Private cloud = owning your own house. You control everything — the locks, the garden, the walls. But YOU pay for all the maintenance.
Hybrid cloud = you own a house but also rent a holiday apartment. Some things stay at home (private), and for special occasions you use the rental (public).
Each model has trade-offs. The exam tests whether you can pick the right one for the right situation.
The three cloud models compared
| Feature | Public Cloud | Private Cloud | Hybrid Cloud |
|---|---|---|---|
| Who owns the hardware? | Cloud provider (Microsoft, AWS, etc.) | Your organisation (or a dedicated hosting provider) | Mix — some yours, some provider's |
| Who manages it? | Cloud provider | Your IT team (or outsourced) | Both — shared management |
| Shared with others? | Yes — multi-tenant | No — single tenant | Private part is single-tenant |
| Cost model | Pay-as-you-go (OpEx) | Large upfront investment (CapEx) | Mix of both |
| Scalability | Virtually unlimited | Limited by your hardware | Scale to public when needed |
| Best for | Most workloads, startups, rapid growth | Strict compliance, legacy apps | Regulated industries with burst needs |
When to use each model
Public cloud — Peak Roasters’ choice
Peak Roasters, a small coffee roastery with 15 staff, needs a website, email, and an ordering system. They don’t have an IT team or a server room.

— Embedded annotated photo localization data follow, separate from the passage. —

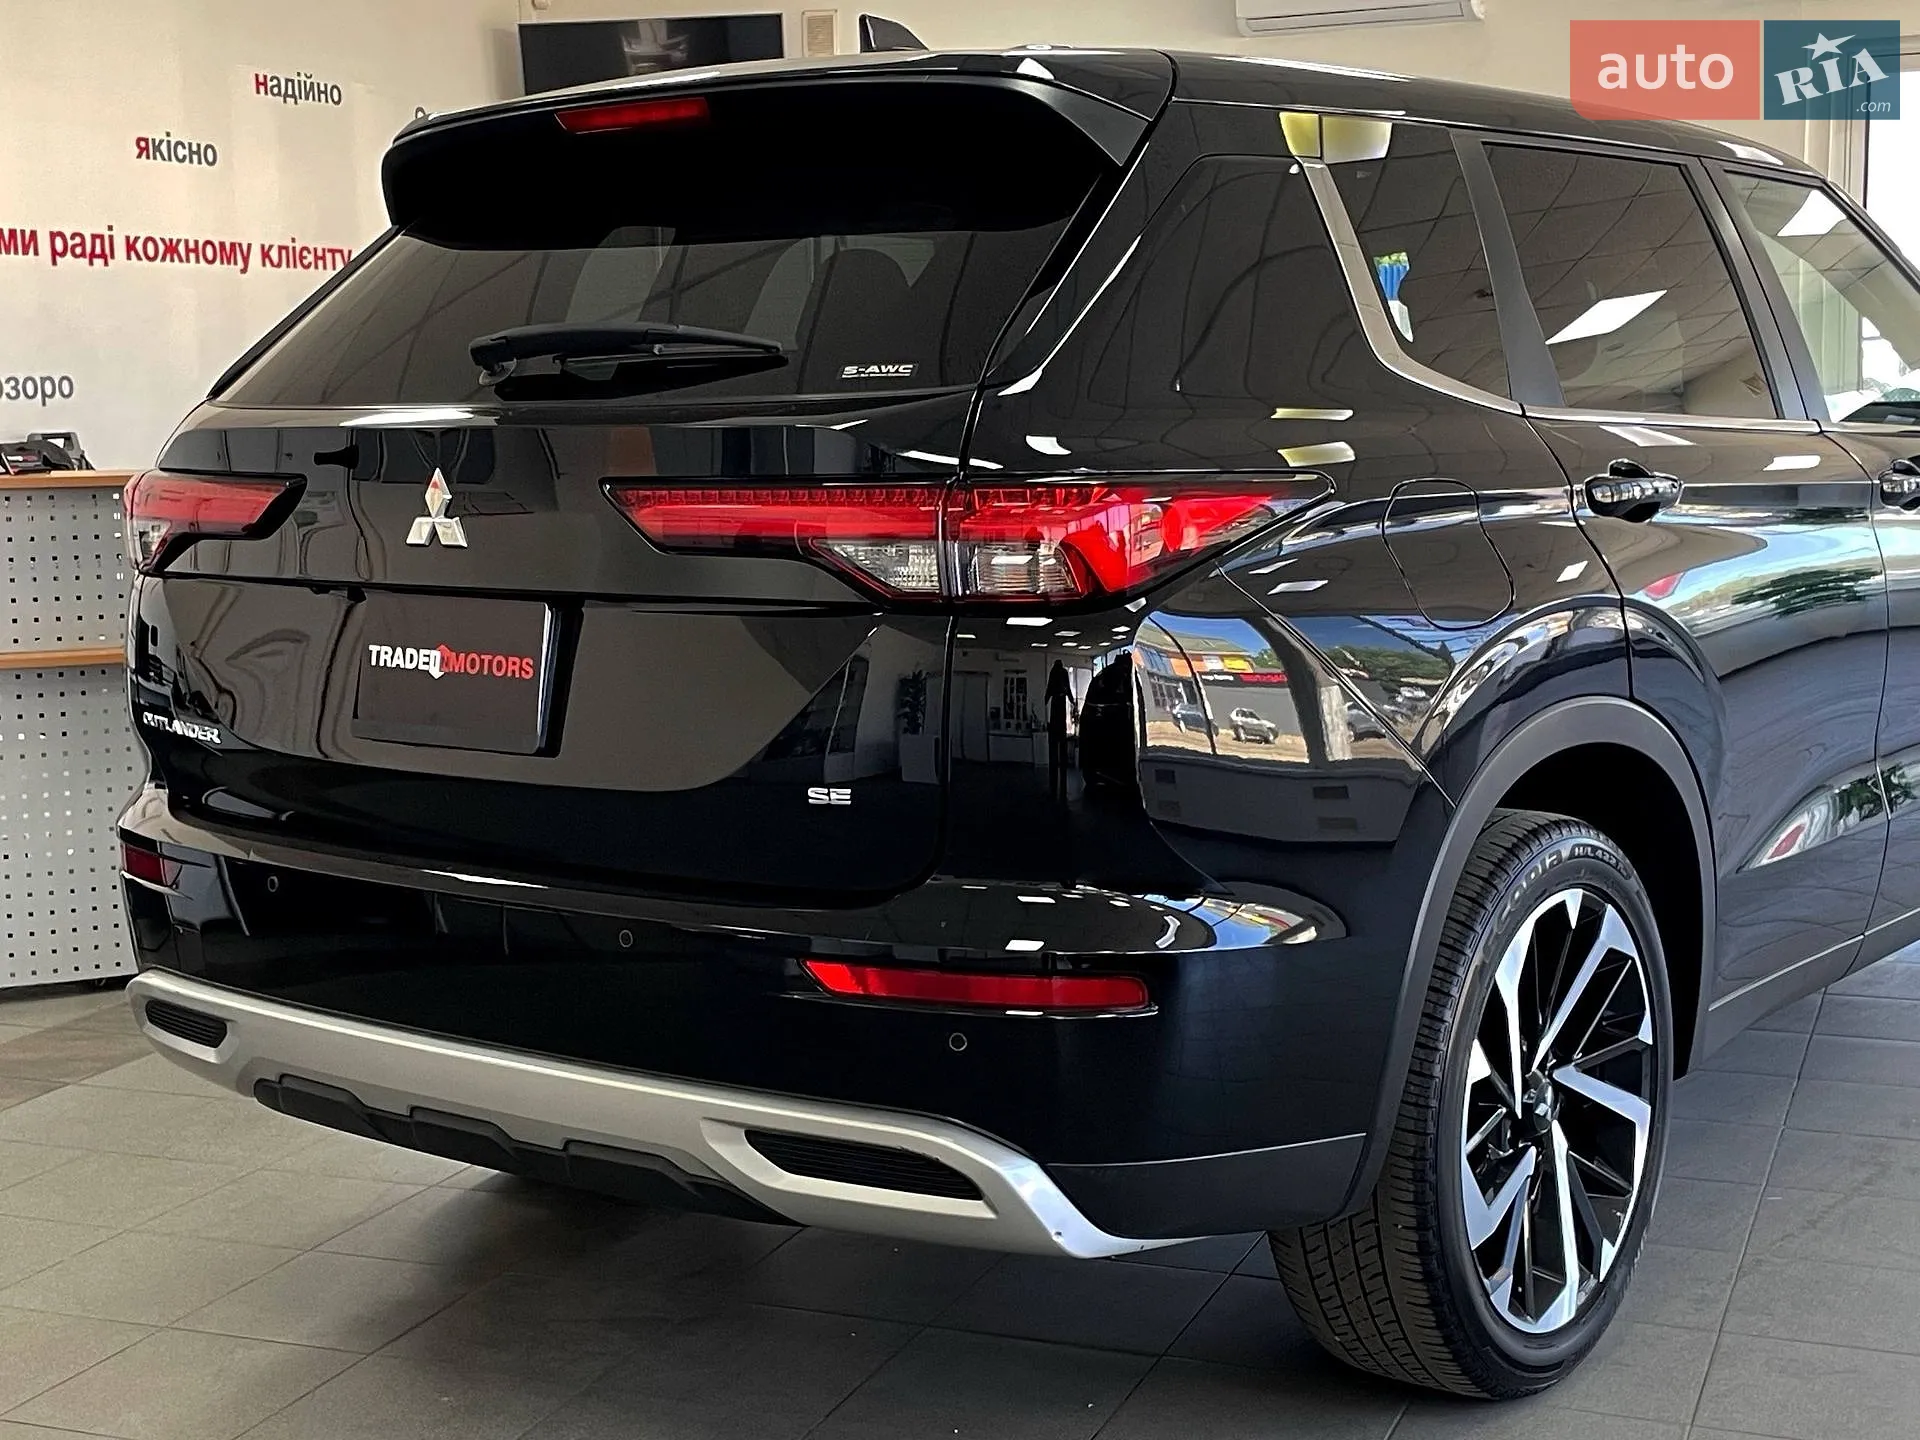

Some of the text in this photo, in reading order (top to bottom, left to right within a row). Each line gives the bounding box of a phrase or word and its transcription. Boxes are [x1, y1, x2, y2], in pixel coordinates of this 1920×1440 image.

[254, 71, 342, 106] надійно
[135, 131, 218, 167] якісно
[0, 227, 39, 256] ми
[49, 224, 115, 267] раді
[125, 235, 252, 274] кожному
[843, 364, 914, 375] S-AWC
[0, 375, 74, 407] зоро
[807, 787, 852, 805] SE
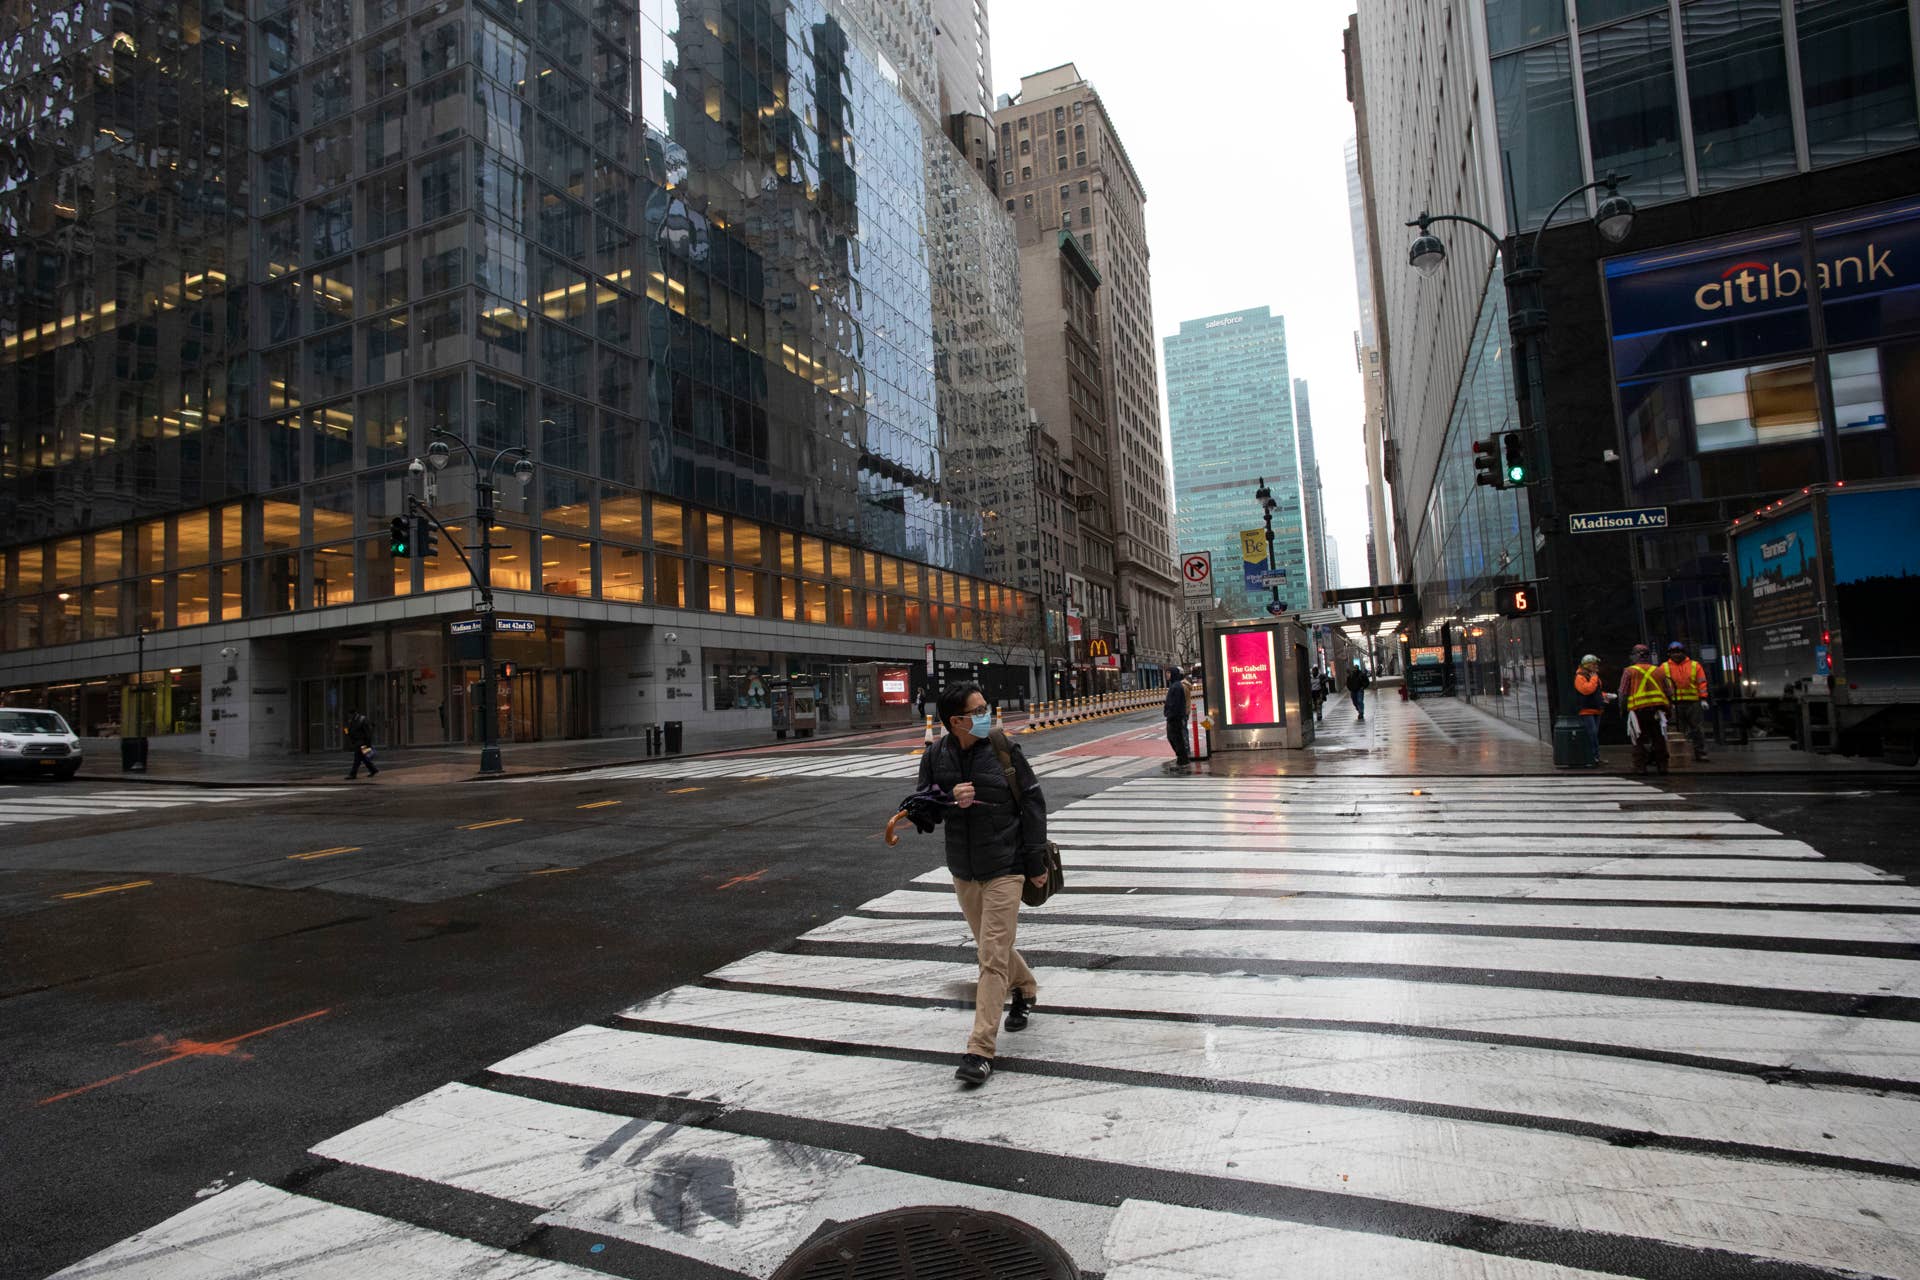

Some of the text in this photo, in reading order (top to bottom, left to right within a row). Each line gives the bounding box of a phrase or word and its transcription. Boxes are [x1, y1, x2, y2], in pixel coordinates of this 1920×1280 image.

[1695, 244, 1895, 311] citibank
[1205, 317, 1243, 329] salesforce
[1573, 514, 1664, 530] Madison Ave
[1245, 538, 1264, 554] Be
[498, 621, 533, 630] East 42nd St
[1232, 665, 1243, 673] The
[1242, 673, 1257, 681] MBA

Public cloud is perfect because:
- No upfront hardware costs — they pay monthly
- Microsoft handles all the maintenance
- They can scale up during holiday seasons and scale back after
- They get enterprise-grade security without hiring specialists
Exam pattern: Public cloud is the default recommendation for most scenarios on the exam unless there’s a specific compliance or control requirement.
Private cloud — Harbour Health’s requirement
Harbour Health, a healthcare company with 500 staff, must comply with strict health data regulations. Some patient records cannot leave their data centre.
Private cloud makes sense because:
- Full control over data location and access
- Can meet specific regulatory requirements
- Customised security policies
- Dedicated resources — no “noisy neighbours”
Private cloud doesn't always mean on-premises
A common misconception: private cloud doesn’t mean you must own physical servers. You can have a hosted private cloud where a provider dedicates hardware exclusively to your organisation.
The key distinction is single-tenant (only your organisation uses those resources) vs multi-tenant (shared with others).
Exam tip: If a question mentions “dedicated hardware” or “single-tenant,” think private cloud — even if it’s hosted by a provider.
Hybrid cloud — Harbour Health’s actual solution
In practice, Harbour Health uses hybrid cloud. Patient records stay on their private infrastructure, but they use Azure (public cloud) for:
- Email and collaboration (Microsoft 365)
- Development and testing environments
- Analytics and reporting (de-identified data)
- Burst capacity during flu season
Hybrid cloud is best when you need both control AND flexibility.
Multi-cloud vs hybrid cloud
Don’t confuse these two terms:
- Hybrid cloud = public cloud + private cloud working together
- Multi-cloud = using multiple public cloud providers (e.g., Azure AND AWS)
Multi-cloud is common in large enterprises for redundancy or to use best-of-breed services. The AZ-900 exam focuses on hybrid cloud but may mention multi-cloud in passing.
The consumption-based model
Cloud computing uses a consumption-based model — you only pay for what you actually use.
| Traditional IT (CapEx) | Cloud (OpEx) |
|---|---|
| Buy servers upfront | Pay monthly for resources used |
| Pay whether you use them or not | Pay only for what you consume |
| Expensive to scale | Scale instantly, pay more only when needed |
| Hardware depreciates over time | Always get the latest infrastructure |
| Budget months in advance | Predictable monthly bills |
CapEx (Capital Expenditure) = big upfront purchases. Buying servers, building data centres.
OpEx (Operational Expenditure) = ongoing monthly costs. Paying for cloud services as you use them.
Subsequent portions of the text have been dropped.